Covid, 17 morti in una Rsa del Canavese

04 dic 2020

L'opera Pia Divina Provvidenza è un ospedale riconvertito in residenza per anziani. Siamo nella quiete di Borgomasino, paese di nemmeno 800 abitanti nel Canavese, a Nord di Torino. Qui il Covid non era entrato né durante la prima ondata, né nella seconda, almeno fino a metà novembre, quando dai test rapidi che la regione fornisce alle Rsa ogni due settimane, sono risultati positivi 36 ospiti su 42. In gran parte asintomatici e tutti molto anziani dai 90 ai 102 anni, con patologie pregresse e dunque molto vulnerabili.
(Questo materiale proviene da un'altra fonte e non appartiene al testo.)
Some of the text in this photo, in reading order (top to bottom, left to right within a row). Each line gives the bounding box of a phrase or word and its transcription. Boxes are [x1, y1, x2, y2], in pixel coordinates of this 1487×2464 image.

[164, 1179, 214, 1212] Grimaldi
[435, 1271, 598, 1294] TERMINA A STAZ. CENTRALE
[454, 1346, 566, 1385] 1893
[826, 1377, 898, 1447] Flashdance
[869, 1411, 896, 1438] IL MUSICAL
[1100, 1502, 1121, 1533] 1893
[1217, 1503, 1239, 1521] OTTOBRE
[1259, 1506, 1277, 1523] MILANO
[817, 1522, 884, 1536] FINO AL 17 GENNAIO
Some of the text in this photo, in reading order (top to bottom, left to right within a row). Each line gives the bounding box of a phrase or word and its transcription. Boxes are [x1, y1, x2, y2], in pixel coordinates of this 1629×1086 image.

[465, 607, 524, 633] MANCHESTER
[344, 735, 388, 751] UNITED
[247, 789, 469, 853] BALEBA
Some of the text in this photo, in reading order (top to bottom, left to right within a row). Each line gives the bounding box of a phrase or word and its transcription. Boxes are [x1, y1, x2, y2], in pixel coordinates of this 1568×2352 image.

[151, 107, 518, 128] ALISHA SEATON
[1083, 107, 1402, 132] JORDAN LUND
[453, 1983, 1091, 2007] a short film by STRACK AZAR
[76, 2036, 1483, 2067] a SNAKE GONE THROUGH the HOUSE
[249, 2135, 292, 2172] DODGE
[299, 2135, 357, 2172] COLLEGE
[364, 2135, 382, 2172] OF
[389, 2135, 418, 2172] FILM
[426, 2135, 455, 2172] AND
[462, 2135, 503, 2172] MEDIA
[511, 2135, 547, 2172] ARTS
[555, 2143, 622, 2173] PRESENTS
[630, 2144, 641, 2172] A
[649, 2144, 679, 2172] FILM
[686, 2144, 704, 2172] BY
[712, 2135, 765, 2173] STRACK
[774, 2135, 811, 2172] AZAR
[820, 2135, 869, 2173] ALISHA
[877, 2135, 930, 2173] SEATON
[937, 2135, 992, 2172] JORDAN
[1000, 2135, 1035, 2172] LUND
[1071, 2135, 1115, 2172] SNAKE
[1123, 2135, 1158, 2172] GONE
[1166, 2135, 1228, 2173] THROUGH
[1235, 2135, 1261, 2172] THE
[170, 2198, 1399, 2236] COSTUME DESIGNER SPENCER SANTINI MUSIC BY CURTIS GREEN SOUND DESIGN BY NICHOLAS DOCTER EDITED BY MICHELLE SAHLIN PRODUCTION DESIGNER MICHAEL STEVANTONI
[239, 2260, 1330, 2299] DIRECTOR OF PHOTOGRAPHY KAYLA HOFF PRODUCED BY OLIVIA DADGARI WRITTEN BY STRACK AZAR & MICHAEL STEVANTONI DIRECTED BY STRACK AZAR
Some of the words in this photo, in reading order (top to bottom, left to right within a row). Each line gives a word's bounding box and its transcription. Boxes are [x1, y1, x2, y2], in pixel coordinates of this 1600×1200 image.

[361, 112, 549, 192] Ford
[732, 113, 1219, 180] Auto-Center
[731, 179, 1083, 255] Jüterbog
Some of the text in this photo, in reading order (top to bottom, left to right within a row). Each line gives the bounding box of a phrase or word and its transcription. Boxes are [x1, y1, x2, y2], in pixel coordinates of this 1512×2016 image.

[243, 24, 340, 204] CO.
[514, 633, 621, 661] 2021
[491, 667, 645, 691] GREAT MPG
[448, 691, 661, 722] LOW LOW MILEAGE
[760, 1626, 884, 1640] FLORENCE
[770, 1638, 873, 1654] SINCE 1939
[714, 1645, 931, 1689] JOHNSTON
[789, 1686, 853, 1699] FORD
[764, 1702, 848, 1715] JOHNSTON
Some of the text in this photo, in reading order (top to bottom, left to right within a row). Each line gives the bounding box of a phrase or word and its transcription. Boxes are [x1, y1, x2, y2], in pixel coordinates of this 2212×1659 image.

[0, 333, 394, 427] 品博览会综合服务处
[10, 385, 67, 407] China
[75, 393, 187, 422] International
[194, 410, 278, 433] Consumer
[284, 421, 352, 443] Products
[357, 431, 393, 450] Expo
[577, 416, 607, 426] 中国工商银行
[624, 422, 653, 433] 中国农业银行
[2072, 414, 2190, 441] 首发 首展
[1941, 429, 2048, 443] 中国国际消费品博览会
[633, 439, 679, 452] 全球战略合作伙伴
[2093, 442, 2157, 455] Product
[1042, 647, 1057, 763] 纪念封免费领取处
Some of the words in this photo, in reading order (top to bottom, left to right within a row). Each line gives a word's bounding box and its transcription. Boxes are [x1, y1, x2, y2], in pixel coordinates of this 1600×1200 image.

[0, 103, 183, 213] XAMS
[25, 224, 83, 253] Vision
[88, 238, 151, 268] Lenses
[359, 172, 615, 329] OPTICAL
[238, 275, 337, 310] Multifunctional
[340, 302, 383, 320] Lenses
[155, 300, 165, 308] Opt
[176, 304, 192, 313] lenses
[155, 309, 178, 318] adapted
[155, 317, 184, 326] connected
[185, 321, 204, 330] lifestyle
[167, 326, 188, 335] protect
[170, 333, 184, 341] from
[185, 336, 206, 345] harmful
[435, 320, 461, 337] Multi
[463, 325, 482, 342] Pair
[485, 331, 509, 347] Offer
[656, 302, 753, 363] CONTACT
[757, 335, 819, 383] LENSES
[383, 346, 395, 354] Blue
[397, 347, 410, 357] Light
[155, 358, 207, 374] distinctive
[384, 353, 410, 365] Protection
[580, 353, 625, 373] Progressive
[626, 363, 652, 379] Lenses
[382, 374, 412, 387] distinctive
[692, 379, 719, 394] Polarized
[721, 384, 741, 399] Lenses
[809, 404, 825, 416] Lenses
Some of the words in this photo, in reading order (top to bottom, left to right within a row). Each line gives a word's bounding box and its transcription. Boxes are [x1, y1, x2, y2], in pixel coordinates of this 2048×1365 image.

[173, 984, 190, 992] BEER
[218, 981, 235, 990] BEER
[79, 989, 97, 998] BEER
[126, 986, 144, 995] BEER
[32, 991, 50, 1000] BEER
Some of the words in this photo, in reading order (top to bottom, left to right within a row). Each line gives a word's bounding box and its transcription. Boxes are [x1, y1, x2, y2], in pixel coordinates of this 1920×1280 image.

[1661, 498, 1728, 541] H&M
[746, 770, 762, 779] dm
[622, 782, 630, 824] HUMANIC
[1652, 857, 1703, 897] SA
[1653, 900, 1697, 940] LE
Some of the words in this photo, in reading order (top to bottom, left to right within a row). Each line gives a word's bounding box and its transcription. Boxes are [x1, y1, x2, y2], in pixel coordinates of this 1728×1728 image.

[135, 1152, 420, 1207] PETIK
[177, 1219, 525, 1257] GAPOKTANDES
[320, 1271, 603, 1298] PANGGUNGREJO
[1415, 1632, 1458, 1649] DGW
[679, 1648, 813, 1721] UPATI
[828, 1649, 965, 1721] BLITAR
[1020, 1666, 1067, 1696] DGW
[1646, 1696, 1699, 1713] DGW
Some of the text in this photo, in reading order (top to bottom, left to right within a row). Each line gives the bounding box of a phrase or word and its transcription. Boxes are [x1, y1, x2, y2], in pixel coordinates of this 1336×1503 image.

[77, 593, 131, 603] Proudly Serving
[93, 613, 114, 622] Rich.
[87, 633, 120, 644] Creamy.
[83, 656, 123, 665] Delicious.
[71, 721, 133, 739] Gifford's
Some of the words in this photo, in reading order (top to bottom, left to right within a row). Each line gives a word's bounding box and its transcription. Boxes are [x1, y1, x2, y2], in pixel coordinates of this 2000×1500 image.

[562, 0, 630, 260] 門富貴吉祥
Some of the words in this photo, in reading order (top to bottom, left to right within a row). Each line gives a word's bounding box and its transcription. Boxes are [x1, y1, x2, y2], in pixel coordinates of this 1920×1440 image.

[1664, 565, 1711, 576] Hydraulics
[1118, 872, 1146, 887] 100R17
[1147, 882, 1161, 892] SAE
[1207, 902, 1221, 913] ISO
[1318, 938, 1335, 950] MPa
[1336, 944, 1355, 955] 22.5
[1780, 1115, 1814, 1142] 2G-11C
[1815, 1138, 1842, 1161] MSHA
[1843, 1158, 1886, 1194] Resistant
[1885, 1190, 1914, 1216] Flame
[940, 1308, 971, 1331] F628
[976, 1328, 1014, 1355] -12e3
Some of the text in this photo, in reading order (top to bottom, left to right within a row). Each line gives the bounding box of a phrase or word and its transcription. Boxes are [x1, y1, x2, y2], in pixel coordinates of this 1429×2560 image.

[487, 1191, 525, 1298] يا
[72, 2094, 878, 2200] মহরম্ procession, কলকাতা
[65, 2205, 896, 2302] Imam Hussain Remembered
Nel giro di appena due settimane 17 di loro sono morti, 15 qui in una struttura e due i più gravi, in ospedale dopo il trasferimento. Entra solo il personale e basta. Noi familiari. Avevamo già chiuso al 25 di febbraio. Il virus è entrato con i dipendenti? Non posso dire nulla. Certo, i nonni erano qui, il personale, i familiari nessuno. D'estate abbiamo permesso di incontrarli, lì sui tavolini in giardino. Si registrava la febbre, tutto. Non si riesce a spiegare questa situazione. Credo che non si riesca a spiegare da nessuna parte. È pieno dappertutto, sta peggiorando la situazione ahimè dappertutto. Rsa comprese, anzi soprattutto. A fine novembre i Carabinieri del Nas, sollecitati dai familiari delle vittime con un esposto, hanno effettuato un sopralluogo nella struttura e la procura di Ivrea ha aperto un fascicolo, al momento senza indagati né ipotesi di reato.